Start of EXERCISE DATA

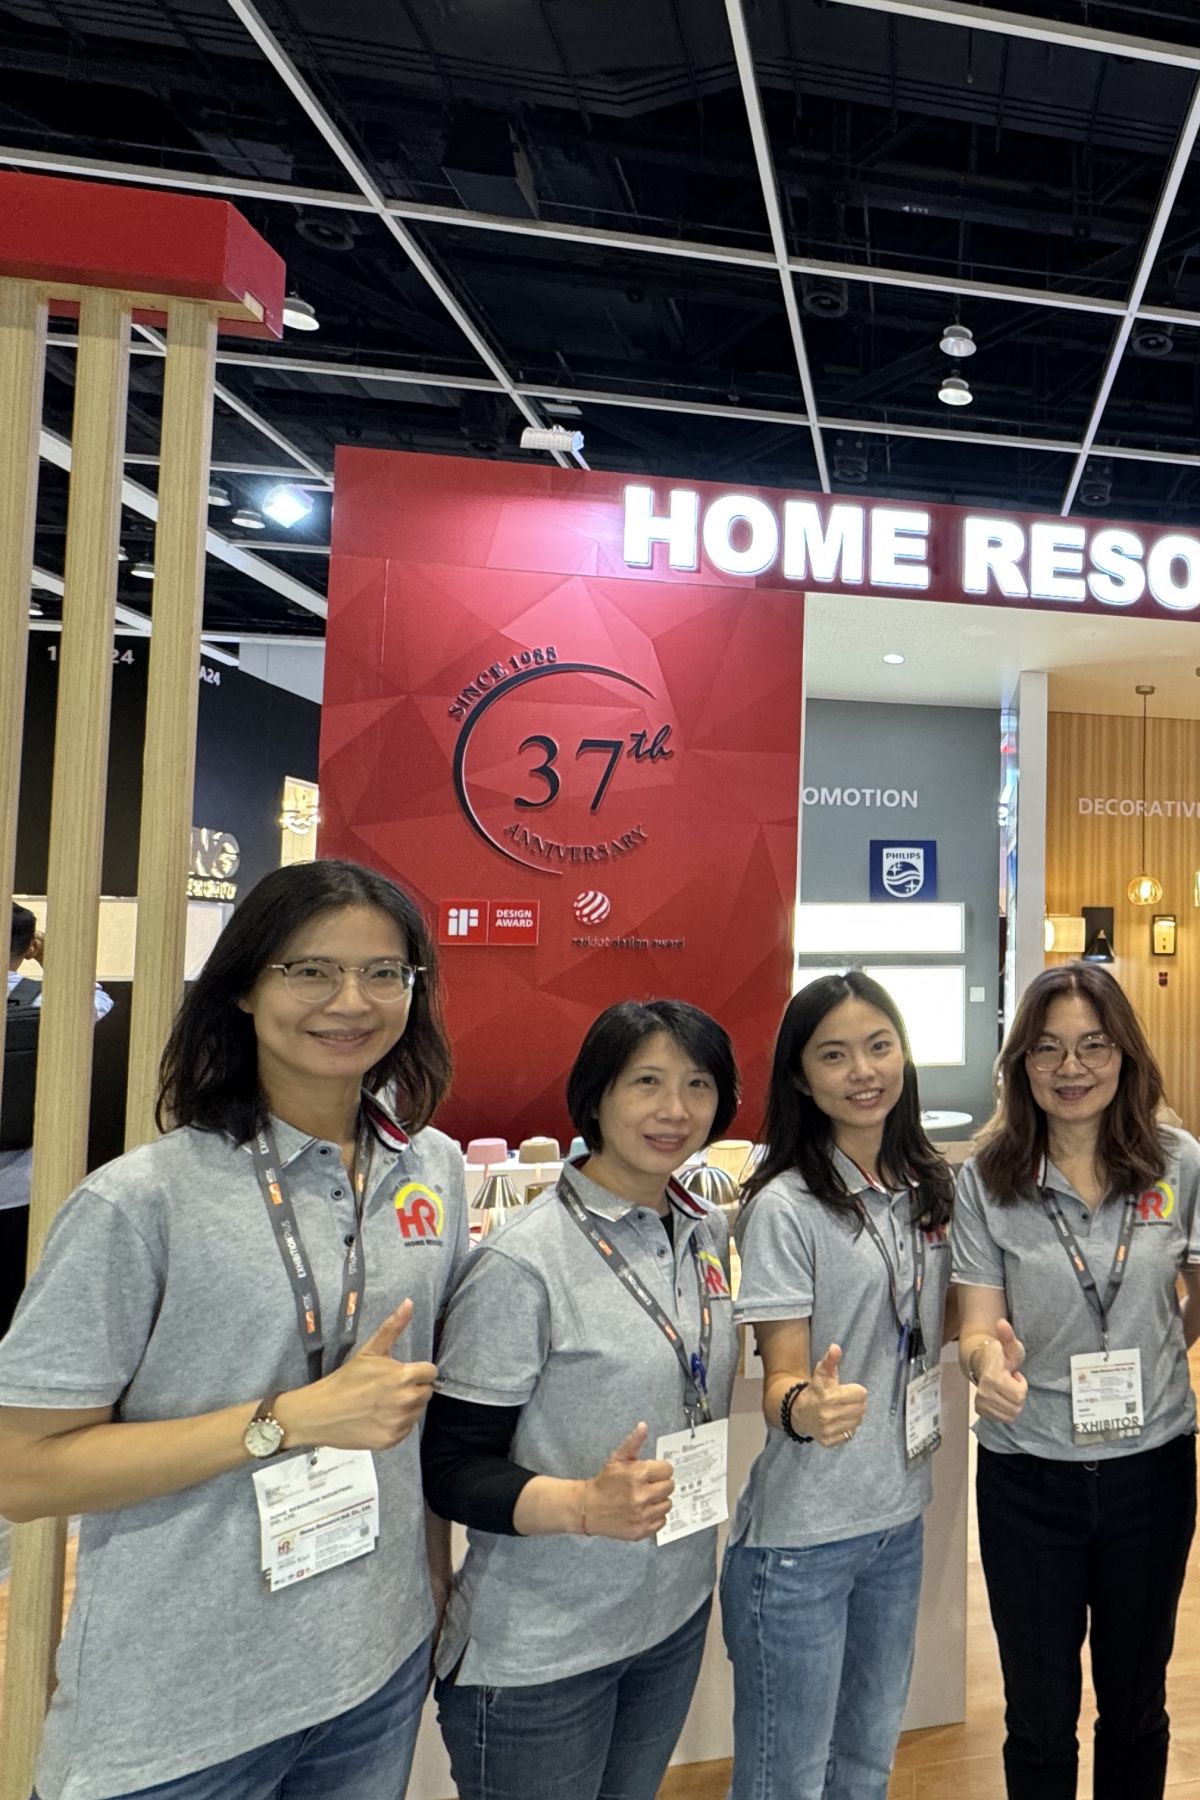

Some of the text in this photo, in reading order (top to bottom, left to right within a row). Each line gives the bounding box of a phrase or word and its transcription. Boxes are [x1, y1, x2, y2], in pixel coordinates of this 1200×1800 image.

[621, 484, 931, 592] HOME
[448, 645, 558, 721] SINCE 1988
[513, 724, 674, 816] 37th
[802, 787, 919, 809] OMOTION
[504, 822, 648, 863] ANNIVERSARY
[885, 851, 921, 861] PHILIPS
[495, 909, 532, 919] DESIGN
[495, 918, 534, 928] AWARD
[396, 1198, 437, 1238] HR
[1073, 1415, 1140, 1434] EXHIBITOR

End of EXERCISE DATA

= EXERCISE PROMPT =
Your task is to repeat the entries above exactly, omitting the pictures.

= ANSWER FOR THE TASK =
Some of the text in this photo, in reading order (top to bottom, left to right within a row). Each line gives the bounding box of a phrase or word and its transcription. Boxes are [x1, y1, x2, y2], in pixel coordinates of this 1200×1800 image.

[621, 484, 931, 592] HOME
[448, 645, 558, 721] SINCE 1988
[513, 724, 674, 816] 37th
[802, 787, 919, 809] OMOTION
[504, 822, 648, 863] ANNIVERSARY
[885, 851, 921, 861] PHILIPS
[495, 909, 532, 919] DESIGN
[495, 918, 534, 928] AWARD
[396, 1198, 437, 1238] HR
[1073, 1415, 1140, 1434] EXHIBITOR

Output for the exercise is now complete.